C) Significación permanente de la fe cristológica en sus orientaciones y contenido


5. A pesar de todas estas dificultades, la enseñanza cristológica de la Iglesia, y en forma muy
especial el dogma definido en el concilio de Calcedonia, conservan su valor definitivo. Está
permitido y es tal vez oportuno tratar de profundizar en ella, pero no es lícito rechazarla. A
nivel histórico, es falso decir que los padres conciliares de Calcedonia han inclinado el dogma
cristiano en el sentido de los conceptos helenísticos. Las dificultades actuales, que hemos
recordado, muestran, por otra parte, que algunos de nuestros contemporáneos padecen de
una profundo ignorancia en lo que se refiere al sentido auténtico del dogma cristológico, y
tampoco tienen siempre una visión correcta acerca de la verdad de Dios creador del mundo
visible e invisible.

Para llegar a la fe en Cristo y en la salvación que Él nos trae, es preciso admitir un cierto
número de verdades que la explican. Dios vivo es amor (1 Jn 4, 8), y por amor creó todas las
cosas. Este Dios vivo -Padre, Verbo, Espíritu santificador- creó al hombre a su imagen en el
comienzo del tiempo, y le dio la dignidad de persona dotada de razón en medio del cosmos.
Cuando llegó la plenitud de los tiempos, el Dios trinitario completó su obra en Jesucristo,
constituyéndolo como mediador de la paz y de la alianza que ofrecía al mundo entero, para
todos los hombres y para todos los siglos. Jesucristo es el hombre perfecto. En efecto, Él vive
totalmente de y para Dios Padre. Al mismo tiempo, vive totalmente con los hombres y para su
salvación, es decir, para su realización plena, por lo que es el ejemplo y el sacramento de la
nueva humanidad.

La vida de Cristo nos proporciona una nueva comprensión tanto de Dios como del hombre. Del
mismo modo que «el Dios de los cristianos» es nuevo y específico, así también «el hombre de
los cristianos» es nuevo y original con respecto a todas las demás concepciones acerca del
hombre. La condescendencia de Dios (Tit 3, 4) y, si se puede emplear el término, su
«humildad» lo hace solidario de los hombres por medio de la Encarnación, obra de amor. Así
se hace posible un hombre nuevo que encuentra su gloria en el servicio y no en la dominación.
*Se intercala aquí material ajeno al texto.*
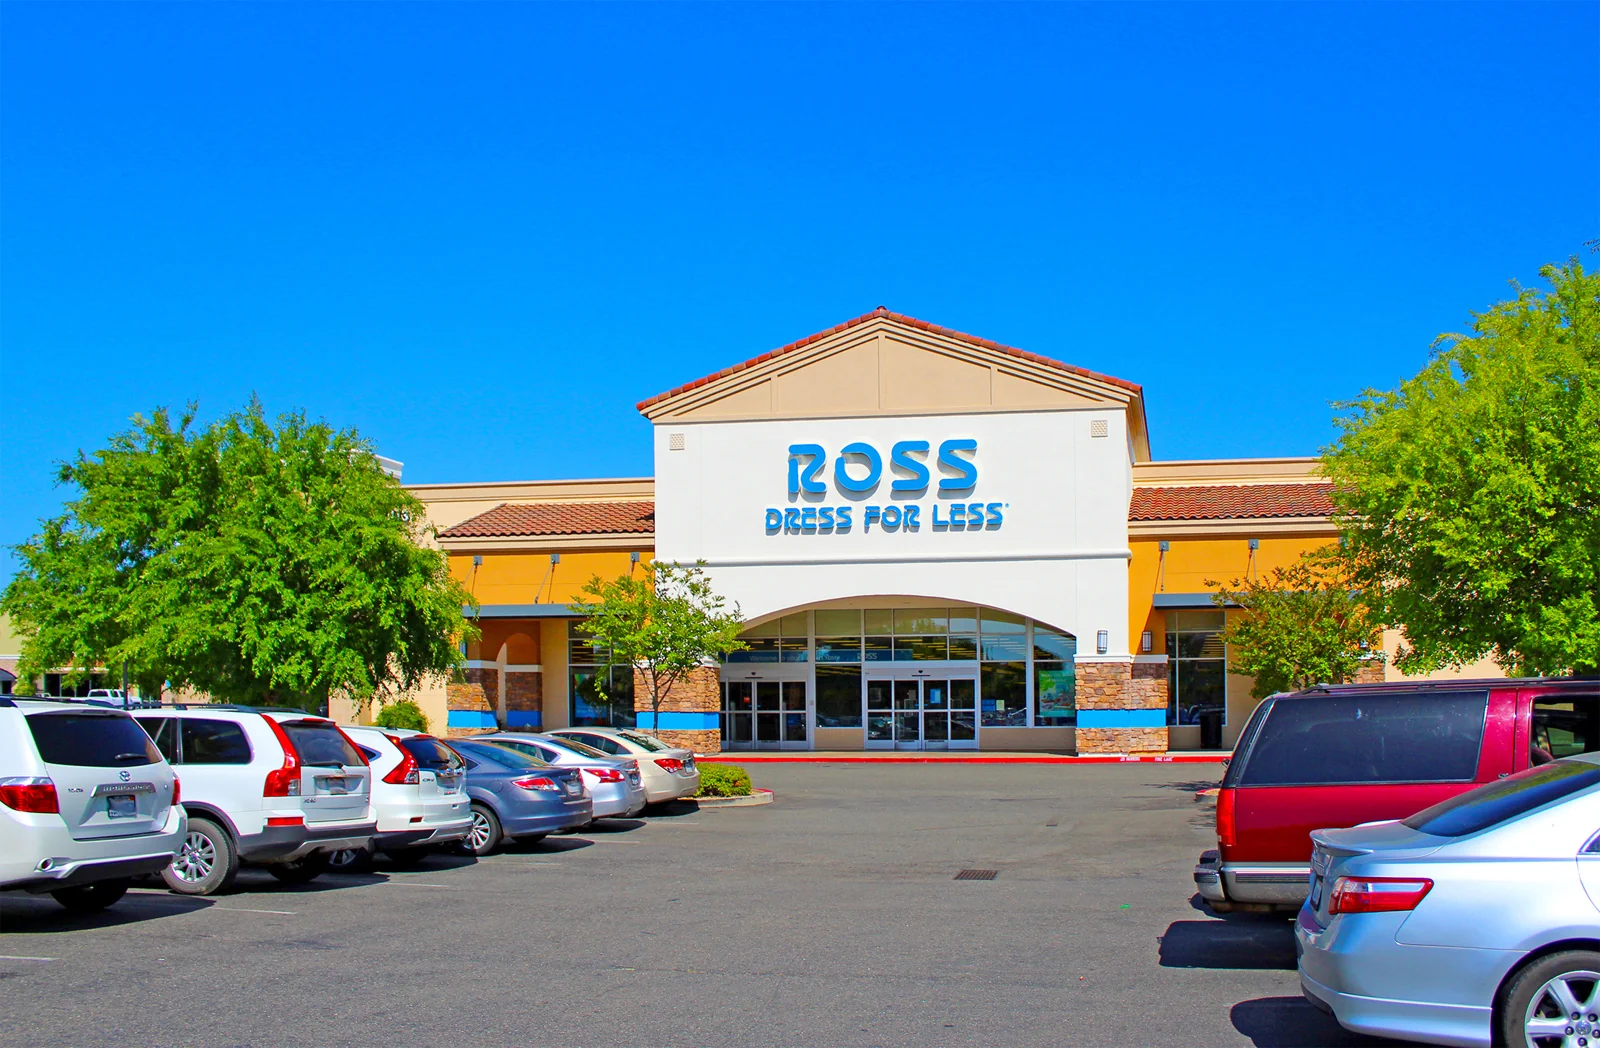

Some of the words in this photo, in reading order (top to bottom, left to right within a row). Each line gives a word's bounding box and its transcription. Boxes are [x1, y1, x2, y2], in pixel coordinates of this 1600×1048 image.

La existencia de Cristo es para los hombres (pro-existencia); para ellos tomó forma de siervo
(cf. Flp 2, 7); para ellos muere y resucita de entre los muertos a la verdadera vida (cf. Rom 4,
24). La vida de Cristo, orientado hacia los demás, nos hace ver que la verdadera autonomía del
hombre no consiste ni en una superioridad ni en una oposición. Por el espíritu de superioridad
(supra-existencia) el hombre trata de imponerse y dominar a los otros. En la oposición (contra-
existencia) trata a los hombres con injusticia y se esfuerza por manipularlos.

En un primer momento, la concepción de la vida humana que se deduce de la de Cristo no


puede sino chocar. Y por eso es por lo que reclama una conversión total del hombre, no sólo
en sus principios, sino en todo su continuidad y, por la perseverancia, hasta el fin. Tal
conversión sólo puede nacer de la libertad que ha sido remodelada por el amor.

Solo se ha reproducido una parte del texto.